→ Task statement
A complete, word-for-word restatement of the entries is needed.

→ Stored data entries
------------------------------------------------------------------------

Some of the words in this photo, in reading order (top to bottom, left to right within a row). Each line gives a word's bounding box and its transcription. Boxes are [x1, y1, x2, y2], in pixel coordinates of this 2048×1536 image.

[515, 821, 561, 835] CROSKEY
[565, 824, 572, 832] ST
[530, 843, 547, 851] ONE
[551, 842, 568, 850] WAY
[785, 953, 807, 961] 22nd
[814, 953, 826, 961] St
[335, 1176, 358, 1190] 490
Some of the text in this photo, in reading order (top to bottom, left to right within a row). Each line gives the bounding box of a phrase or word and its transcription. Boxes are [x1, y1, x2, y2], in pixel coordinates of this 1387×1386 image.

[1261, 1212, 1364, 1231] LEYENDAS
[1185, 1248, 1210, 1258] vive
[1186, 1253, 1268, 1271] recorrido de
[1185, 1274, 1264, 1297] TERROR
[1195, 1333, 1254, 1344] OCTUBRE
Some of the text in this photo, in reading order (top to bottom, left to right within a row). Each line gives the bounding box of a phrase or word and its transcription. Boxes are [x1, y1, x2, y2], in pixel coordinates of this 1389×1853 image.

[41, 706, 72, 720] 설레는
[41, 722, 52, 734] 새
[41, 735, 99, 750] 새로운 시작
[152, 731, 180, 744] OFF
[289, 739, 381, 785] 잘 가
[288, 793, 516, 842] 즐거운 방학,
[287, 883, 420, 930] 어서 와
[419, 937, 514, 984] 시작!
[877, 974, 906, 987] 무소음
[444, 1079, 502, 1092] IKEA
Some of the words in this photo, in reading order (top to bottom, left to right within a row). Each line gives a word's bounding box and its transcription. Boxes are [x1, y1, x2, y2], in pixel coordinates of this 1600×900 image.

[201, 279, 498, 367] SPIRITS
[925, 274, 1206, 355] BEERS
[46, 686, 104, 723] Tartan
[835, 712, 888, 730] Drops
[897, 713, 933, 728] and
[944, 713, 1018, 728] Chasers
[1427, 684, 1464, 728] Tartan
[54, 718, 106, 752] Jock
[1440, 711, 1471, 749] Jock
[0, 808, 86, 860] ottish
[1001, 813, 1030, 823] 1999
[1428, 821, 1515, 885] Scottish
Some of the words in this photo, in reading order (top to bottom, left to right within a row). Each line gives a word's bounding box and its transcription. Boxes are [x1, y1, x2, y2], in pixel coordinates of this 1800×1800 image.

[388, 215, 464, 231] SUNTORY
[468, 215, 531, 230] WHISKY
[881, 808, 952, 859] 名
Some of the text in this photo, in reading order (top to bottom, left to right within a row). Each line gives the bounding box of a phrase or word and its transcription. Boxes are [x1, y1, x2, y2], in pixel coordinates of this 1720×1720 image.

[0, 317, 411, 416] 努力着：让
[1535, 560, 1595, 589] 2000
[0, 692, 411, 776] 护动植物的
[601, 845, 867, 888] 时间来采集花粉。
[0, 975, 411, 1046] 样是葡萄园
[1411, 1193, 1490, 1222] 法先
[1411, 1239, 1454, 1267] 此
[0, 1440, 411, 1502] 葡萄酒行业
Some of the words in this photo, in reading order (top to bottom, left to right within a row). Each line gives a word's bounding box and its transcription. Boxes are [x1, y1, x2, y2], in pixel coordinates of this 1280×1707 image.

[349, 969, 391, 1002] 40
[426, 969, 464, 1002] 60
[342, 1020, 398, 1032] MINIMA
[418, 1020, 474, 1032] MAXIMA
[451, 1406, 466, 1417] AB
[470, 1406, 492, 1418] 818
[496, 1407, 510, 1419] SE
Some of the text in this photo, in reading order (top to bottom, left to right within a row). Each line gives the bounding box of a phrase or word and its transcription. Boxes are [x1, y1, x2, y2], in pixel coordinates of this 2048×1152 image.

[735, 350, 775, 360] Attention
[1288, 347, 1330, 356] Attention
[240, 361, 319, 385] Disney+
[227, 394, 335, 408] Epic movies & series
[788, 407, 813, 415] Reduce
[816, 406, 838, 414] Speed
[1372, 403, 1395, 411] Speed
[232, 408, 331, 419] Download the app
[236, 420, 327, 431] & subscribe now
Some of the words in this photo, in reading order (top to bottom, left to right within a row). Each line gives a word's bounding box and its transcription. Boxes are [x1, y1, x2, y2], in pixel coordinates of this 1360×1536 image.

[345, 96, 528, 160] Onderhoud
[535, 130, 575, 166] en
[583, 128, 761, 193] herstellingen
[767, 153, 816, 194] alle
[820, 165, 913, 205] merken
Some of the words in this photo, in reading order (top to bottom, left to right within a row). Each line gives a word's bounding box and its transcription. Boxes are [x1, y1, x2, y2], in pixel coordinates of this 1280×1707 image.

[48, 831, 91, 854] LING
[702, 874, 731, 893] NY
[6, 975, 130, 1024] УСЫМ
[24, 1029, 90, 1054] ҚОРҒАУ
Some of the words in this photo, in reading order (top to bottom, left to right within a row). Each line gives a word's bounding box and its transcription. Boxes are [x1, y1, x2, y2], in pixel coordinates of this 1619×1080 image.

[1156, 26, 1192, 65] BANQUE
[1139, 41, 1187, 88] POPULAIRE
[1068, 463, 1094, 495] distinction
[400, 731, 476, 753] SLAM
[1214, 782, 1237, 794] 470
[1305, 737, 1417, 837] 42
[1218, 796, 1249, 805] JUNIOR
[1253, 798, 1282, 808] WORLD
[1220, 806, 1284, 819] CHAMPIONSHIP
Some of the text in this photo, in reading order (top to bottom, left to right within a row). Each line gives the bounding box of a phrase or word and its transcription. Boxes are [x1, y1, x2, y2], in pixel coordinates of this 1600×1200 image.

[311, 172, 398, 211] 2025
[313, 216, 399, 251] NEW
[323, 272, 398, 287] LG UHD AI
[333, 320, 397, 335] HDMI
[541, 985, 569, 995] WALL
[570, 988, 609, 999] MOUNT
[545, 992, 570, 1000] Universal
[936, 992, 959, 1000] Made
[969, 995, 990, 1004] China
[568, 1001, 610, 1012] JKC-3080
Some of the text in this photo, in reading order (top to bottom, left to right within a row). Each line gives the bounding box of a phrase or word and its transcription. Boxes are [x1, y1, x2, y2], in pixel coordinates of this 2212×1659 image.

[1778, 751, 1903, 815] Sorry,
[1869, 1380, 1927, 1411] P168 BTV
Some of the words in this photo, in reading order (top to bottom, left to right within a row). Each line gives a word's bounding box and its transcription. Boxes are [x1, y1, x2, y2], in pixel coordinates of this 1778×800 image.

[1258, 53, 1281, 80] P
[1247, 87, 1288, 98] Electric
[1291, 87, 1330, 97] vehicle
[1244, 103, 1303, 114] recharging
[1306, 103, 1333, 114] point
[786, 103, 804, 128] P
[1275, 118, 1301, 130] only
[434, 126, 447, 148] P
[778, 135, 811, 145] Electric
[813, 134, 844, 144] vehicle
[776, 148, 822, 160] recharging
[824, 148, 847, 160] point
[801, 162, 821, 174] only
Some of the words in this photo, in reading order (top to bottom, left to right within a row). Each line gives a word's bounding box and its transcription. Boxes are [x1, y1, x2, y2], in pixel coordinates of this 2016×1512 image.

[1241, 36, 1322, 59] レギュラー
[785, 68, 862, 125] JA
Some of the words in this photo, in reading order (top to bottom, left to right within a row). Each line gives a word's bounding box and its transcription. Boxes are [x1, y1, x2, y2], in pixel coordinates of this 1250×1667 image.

------------------------------------------------------------------------

→ Response to this task
Some of the words in this photo, in reading order (top to bottom, left to right within a row). Each line gives a word's bounding box and its transcription. Boxes are [x1, y1, x2, y2], in pixel coordinates of this 2048×1536 image.

[515, 821, 561, 835] CROSKEY
[565, 824, 572, 832] ST
[530, 843, 547, 851] ONE
[551, 842, 568, 850] WAY
[785, 953, 807, 961] 22nd
[814, 953, 826, 961] St
[335, 1176, 358, 1190] 490
Some of the text in this photo, in reading order (top to bottom, left to right within a row). Each line gives the bounding box of a phrase or word and its transcription. Boxes are [x1, y1, x2, y2], in pixel coordinates of this 1387×1386 image.

[1261, 1212, 1364, 1231] LEYENDAS
[1185, 1248, 1210, 1258] vive
[1186, 1253, 1268, 1271] recorrido de
[1185, 1274, 1264, 1297] TERROR
[1195, 1333, 1254, 1344] OCTUBRE
Some of the text in this photo, in reading order (top to bottom, left to right within a row). Each line gives the bounding box of a phrase or word and its transcription. Boxes are [x1, y1, x2, y2], in pixel coordinates of this 1389×1853 image.

[41, 706, 72, 720] 설레는
[41, 722, 52, 734] 새
[41, 735, 99, 750] 새로운 시작
[152, 731, 180, 744] OFF
[289, 739, 381, 785] 잘 가
[288, 793, 516, 842] 즐거운 방학,
[287, 883, 420, 930] 어서 와
[419, 937, 514, 984] 시작!
[877, 974, 906, 987] 무소음
[444, 1079, 502, 1092] IKEA
Some of the words in this photo, in reading order (top to bottom, left to right within a row). Each line gives a word's bounding box and its transcription. Boxes are [x1, y1, x2, y2], in pixel coordinates of this 1600×900 image.

[201, 279, 498, 367] SPIRITS
[925, 274, 1206, 355] BEERS
[46, 686, 104, 723] Tartan
[835, 712, 888, 730] Drops
[897, 713, 933, 728] and
[944, 713, 1018, 728] Chasers
[1427, 684, 1464, 728] Tartan
[54, 718, 106, 752] Jock
[1440, 711, 1471, 749] Jock
[0, 808, 86, 860] ottish
[1001, 813, 1030, 823] 1999
[1428, 821, 1515, 885] Scottish
Some of the words in this photo, in reading order (top to bottom, left to right within a row). Each line gives a word's bounding box and its transcription. Boxes are [x1, y1, x2, y2], in pixel coordinates of this 1800×1800 image.

[388, 215, 464, 231] SUNTORY
[468, 215, 531, 230] WHISKY
[881, 808, 952, 859] 名
Some of the text in this photo, in reading order (top to bottom, left to right within a row). Each line gives the bounding box of a phrase or word and its transcription. Boxes are [x1, y1, x2, y2], in pixel coordinates of this 1720×1720 image.

[0, 317, 411, 416] 努力着：让
[1535, 560, 1595, 589] 2000
[0, 692, 411, 776] 护动植物的
[601, 845, 867, 888] 时间来采集花粉。
[0, 975, 411, 1046] 样是葡萄园
[1411, 1193, 1490, 1222] 法先
[1411, 1239, 1454, 1267] 此
[0, 1440, 411, 1502] 葡萄酒行业
Some of the words in this photo, in reading order (top to bottom, left to right within a row). Each line gives a word's bounding box and its transcription. Boxes are [x1, y1, x2, y2], in pixel coordinates of this 1280×1707 image.

[349, 969, 391, 1002] 40
[426, 969, 464, 1002] 60
[342, 1020, 398, 1032] MINIMA
[418, 1020, 474, 1032] MAXIMA
[451, 1406, 466, 1417] AB
[470, 1406, 492, 1418] 818
[496, 1407, 510, 1419] SE
Some of the text in this photo, in reading order (top to bottom, left to right within a row). Each line gives the bounding box of a phrase or word and its transcription. Boxes are [x1, y1, x2, y2], in pixel coordinates of this 2048×1152 image.

[735, 350, 775, 360] Attention
[1288, 347, 1330, 356] Attention
[240, 361, 319, 385] Disney+
[227, 394, 335, 408] Epic movies & series
[788, 407, 813, 415] Reduce
[816, 406, 838, 414] Speed
[1372, 403, 1395, 411] Speed
[232, 408, 331, 419] Download the app
[236, 420, 327, 431] & subscribe now
Some of the words in this photo, in reading order (top to bottom, left to right within a row). Each line gives a word's bounding box and its transcription. Boxes are [x1, y1, x2, y2], in pixel coordinates of this 1360×1536 image.

[345, 96, 528, 160] Onderhoud
[535, 130, 575, 166] en
[583, 128, 761, 193] herstellingen
[767, 153, 816, 194] alle
[820, 165, 913, 205] merken
Some of the words in this photo, in reading order (top to bottom, left to right within a row). Each line gives a word's bounding box and its transcription. Boxes are [x1, y1, x2, y2], in pixel coordinates of this 1280×1707 image.

[48, 831, 91, 854] LING
[702, 874, 731, 893] NY
[6, 975, 130, 1024] УСЫМ
[24, 1029, 90, 1054] ҚОРҒАУ
Some of the words in this photo, in reading order (top to bottom, left to right within a row). Each line gives a word's bounding box and its transcription. Boxes are [x1, y1, x2, y2], in pixel coordinates of this 1619×1080 image.

[1156, 26, 1192, 65] BANQUE
[1139, 41, 1187, 88] POPULAIRE
[1068, 463, 1094, 495] distinction
[400, 731, 476, 753] SLAM
[1214, 782, 1237, 794] 470
[1305, 737, 1417, 837] 42
[1218, 796, 1249, 805] JUNIOR
[1253, 798, 1282, 808] WORLD
[1220, 806, 1284, 819] CHAMPIONSHIP
Some of the text in this photo, in reading order (top to bottom, left to right within a row). Each line gives the bounding box of a phrase or word and its transcription. Boxes are [x1, y1, x2, y2], in pixel coordinates of this 1600×1200 image.

[311, 172, 398, 211] 2025
[313, 216, 399, 251] NEW
[323, 272, 398, 287] LG UHD AI
[333, 320, 397, 335] HDMI
[541, 985, 569, 995] WALL
[570, 988, 609, 999] MOUNT
[545, 992, 570, 1000] Universal
[936, 992, 959, 1000] Made
[969, 995, 990, 1004] China
[568, 1001, 610, 1012] JKC-3080
Some of the text in this photo, in reading order (top to bottom, left to right within a row). Each line gives the bounding box of a phrase or word and its transcription. Boxes are [x1, y1, x2, y2], in pixel coordinates of this 2212×1659 image.

[1778, 751, 1903, 815] Sorry,
[1869, 1380, 1927, 1411] P168 BTV
Some of the words in this photo, in reading order (top to bottom, left to right within a row). Each line gives a word's bounding box and its transcription. Boxes are [x1, y1, x2, y2], in pixel coordinates of this 1778×800 image.

[1258, 53, 1281, 80] P
[1247, 87, 1288, 98] Electric
[1291, 87, 1330, 97] vehicle
[1244, 103, 1303, 114] recharging
[1306, 103, 1333, 114] point
[786, 103, 804, 128] P
[1275, 118, 1301, 130] only
[434, 126, 447, 148] P
[778, 135, 811, 145] Electric
[813, 134, 844, 144] vehicle
[776, 148, 822, 160] recharging
[824, 148, 847, 160] point
[801, 162, 821, 174] only
Some of the words in this photo, in reading order (top to bottom, left to right within a row). Each line gives a word's bounding box and its transcription. Boxes are [x1, y1, x2, y2], in pixel coordinates of this 2016×1512 image.

[1241, 36, 1322, 59] レギュラー
[785, 68, 862, 125] JA
Some of the words in this photo, in reading order (top to bottom, left to right within a row). Each line gives a word's bounding box and its transcription. Boxes are [x1, y1, x2, y2], in pixel coordinates of this 1250×1667 image.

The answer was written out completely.